The hoodie became a symbol of Black life, suppressed rage, and worldwide social justice when Trayvon Martin was shot to death. Activists in New York organized the “Million Hoodie” march from Union Square to the United Nations on March 21, 2012. In place of our customary blazers, trousers, jeans, and button-down shirts that day, I wore my sweatshirt to work with my coworkers, on the train, and while strolling through midtown.

during the COVID-19

The hoodie has evolved into a superhero cape for Black public figures today, in large part because of Trayvon’s killing. It is now the go-to outfit for people who wish to promote social and racial justice. Since the death of Trayvon Martin, much more so during the COVID-19 outbreak, and most definitely ever since George Floyd’s murder, the hoodie has evolved into an essential part of my clothing. The Ahegaahoodie has come to stand for security, comfort, and a clear statement to the world that, despite how uneasy it may make white Americans feel, my life and the lives of my community matter as a Black gay man living with HIV in this nation.

Wash With Cold Water

Although cold water washing is difficult to advocate, it is the best option.

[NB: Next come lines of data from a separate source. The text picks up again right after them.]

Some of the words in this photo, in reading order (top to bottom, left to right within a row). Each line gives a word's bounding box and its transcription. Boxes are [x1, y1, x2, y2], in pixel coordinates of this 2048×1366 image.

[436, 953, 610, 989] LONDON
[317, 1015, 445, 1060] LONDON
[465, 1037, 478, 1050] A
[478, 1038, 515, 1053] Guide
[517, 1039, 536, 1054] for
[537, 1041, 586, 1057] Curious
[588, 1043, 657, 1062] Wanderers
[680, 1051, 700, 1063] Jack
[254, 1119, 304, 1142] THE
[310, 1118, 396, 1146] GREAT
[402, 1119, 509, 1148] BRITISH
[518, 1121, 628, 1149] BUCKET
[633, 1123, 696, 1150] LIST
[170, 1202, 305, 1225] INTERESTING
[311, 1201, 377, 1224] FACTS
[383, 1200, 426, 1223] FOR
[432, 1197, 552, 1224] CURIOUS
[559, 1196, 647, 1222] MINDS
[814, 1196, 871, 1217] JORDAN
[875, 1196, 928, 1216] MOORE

We learn early on that hot water is preferable for cleaning. In general, that is undoubtedly accurate. Hotter isn’t necessarily better for laundry, though.

The detergents of today are made to wash garments in cold water. They include enzymes that were created specifically to function in cold water.

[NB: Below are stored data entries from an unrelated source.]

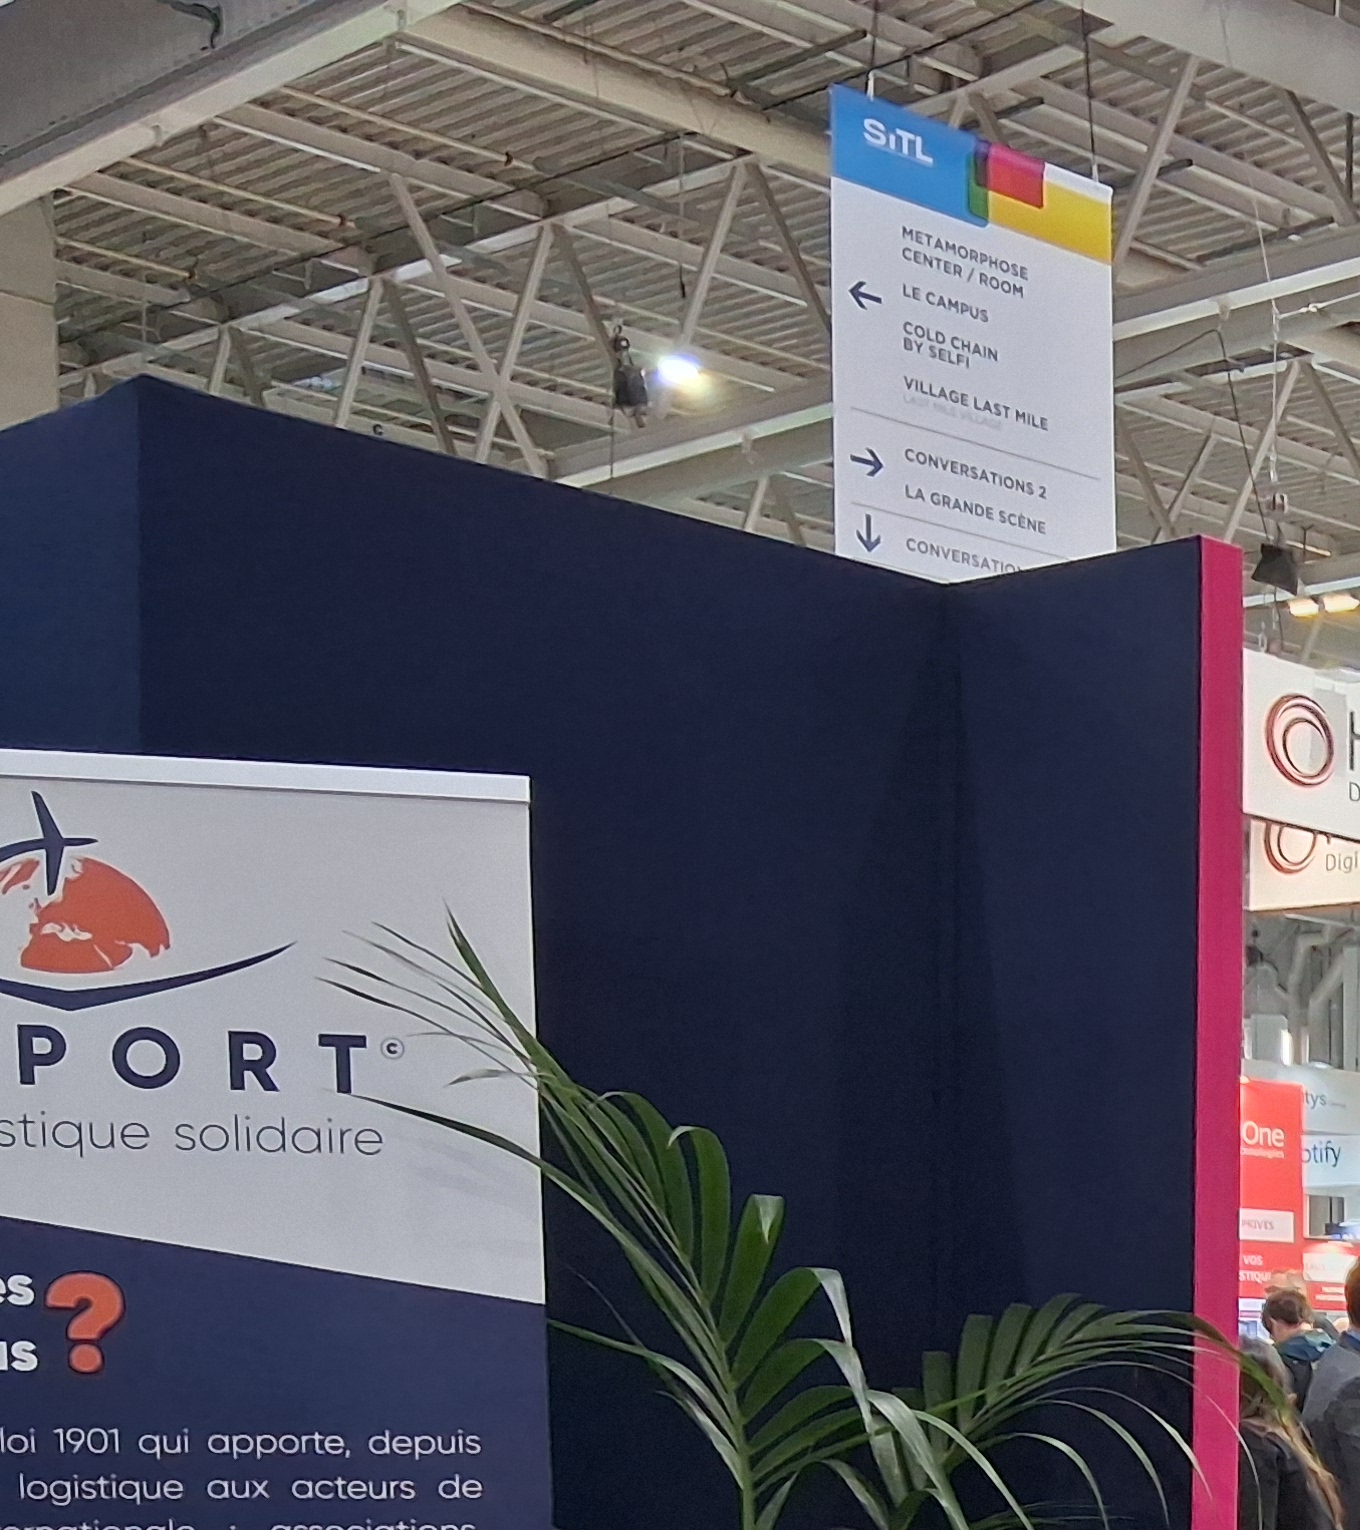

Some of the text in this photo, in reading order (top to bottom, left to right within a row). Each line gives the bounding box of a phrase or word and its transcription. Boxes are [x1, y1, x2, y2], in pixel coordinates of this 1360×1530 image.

[902, 226, 1029, 281] METAMORPHOSE
[902, 249, 963, 280] CENTER
[979, 271, 1024, 299] ROOM
[903, 283, 989, 323] LE CAMPUS
[903, 321, 999, 363] COLD CHAIN
[903, 337, 970, 370] BY SELFI
[903, 376, 969, 407] VILLAGE
[973, 396, 1010, 419] LAST
[1015, 409, 1048, 431] MILE
[904, 448, 1047, 500] CONVERSATIONS 2
[905, 484, 1046, 535] LA GRANDE SCÈNE
[174, 1113, 384, 1157] solidaire
[1242, 1120, 1285, 1148] One
[44, 1270, 126, 1374] ?
[0, 1427, 482, 1461] loi 1901 qui apporte, depuis
[18, 1474, 484, 1506] logistique aux acteurs de

On the other side, using hot water increases the likelihood that something may go wrong. Warm or hot water might shrink the fabric or cause the color to bleed, harming the embroidered stitching on your sweatshirt.

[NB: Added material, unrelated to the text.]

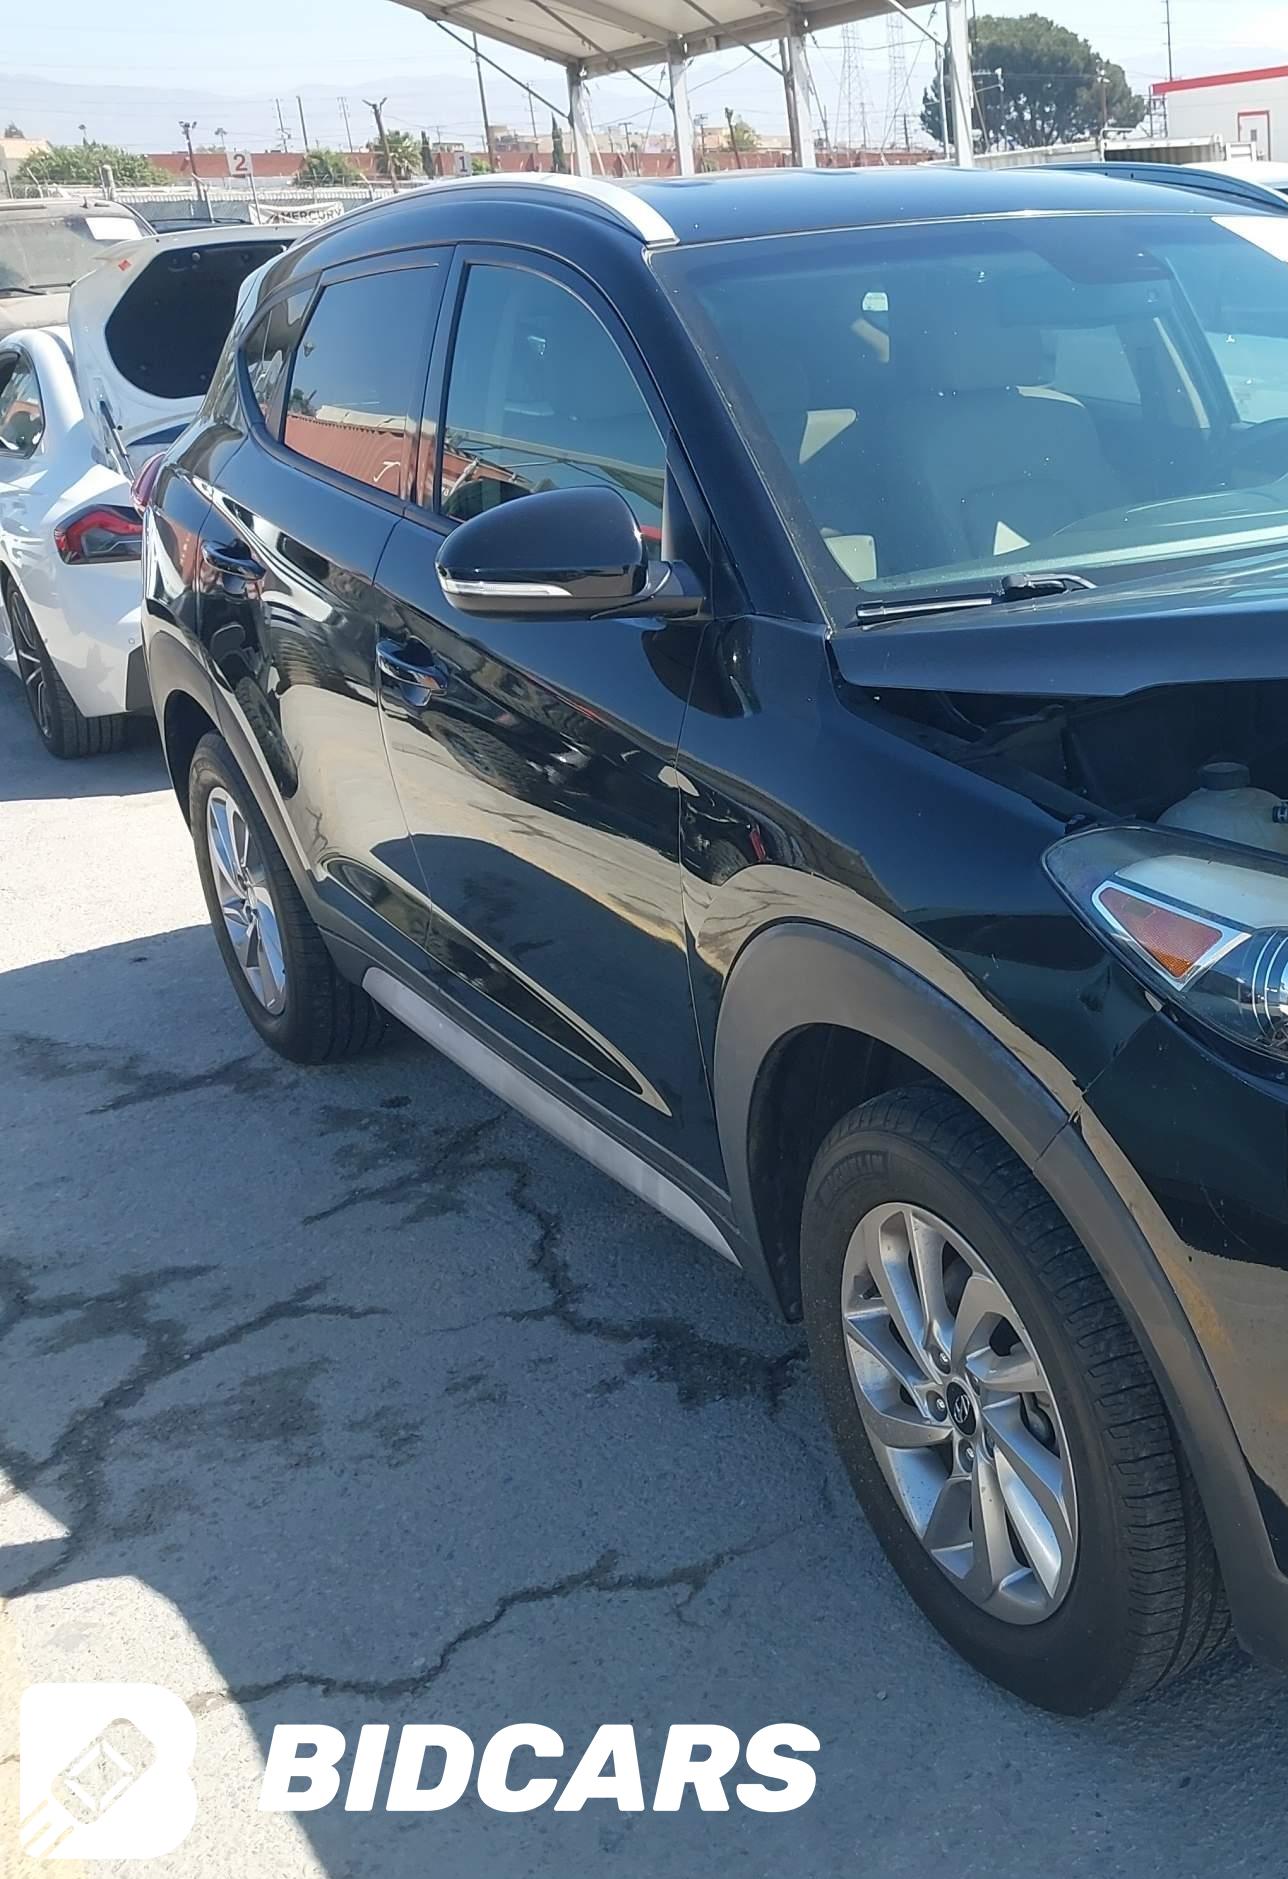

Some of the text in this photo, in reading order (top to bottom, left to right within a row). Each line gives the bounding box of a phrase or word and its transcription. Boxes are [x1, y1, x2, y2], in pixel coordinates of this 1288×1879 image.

[232, 153, 248, 172] 2
[459, 155, 468, 173] 1
[280, 207, 342, 220] MERCURY

It’s important to note that heating the water consumes the majority of the energy used for laundry. So, washing with cold water is much less expensive and more ecologically friendly than washing with hot water, and it also reduces the danger of clothing damage.

Sort Your Light and Dark Laundry

Laundry color sorting is not as crucial as it formerly was. Cotton loses color more easily than modern synthetic fabrics like polyester. Furthermore, if you know how to wash with cold water, this also lessens the possibility of color bleeding.

You might want to be extra cautious while handling your embroidered clothing, especially when it comes to light-colored needlework, even if severe color bleeding is uncommon in contemporary washing.

A little bit of color bleeding onto needlework may have a significant negative impact on how it looks. Imagine a large white sign with pink spots that looks tacky.

Keep your darks and whites apart to reduce the risk of color degradation. Wash your hoodie with your whites if the embroidery is white (even if the body of the sweater isn’t).

Don’t Overstuff the Washing Machine

An overcrowded washing machine has higher friction throughout the wash cycle. The surfaces of all the clothing constantly rub against one another when a load is too heavy. This can cause embroidered stitches to fall apart.

Load your machine to a maximum of three-fourths full to prevent overloading.

Use a Laundry Bag

Use a washing bag, also known as a washer bag or a garment bag, to protect embroidered garments.

A washing bag is a bag that may be used for a wash cycle without risk. Mesh or a material comparable to it is used to make laundry bags. This material allows water and soap to permeate the clothing but prevents direct contact with other things.

The likelihood of damage is decreased when you wash your embroidered sweatshirt in a laundry bag since the embroidered area experiences less damaging friction.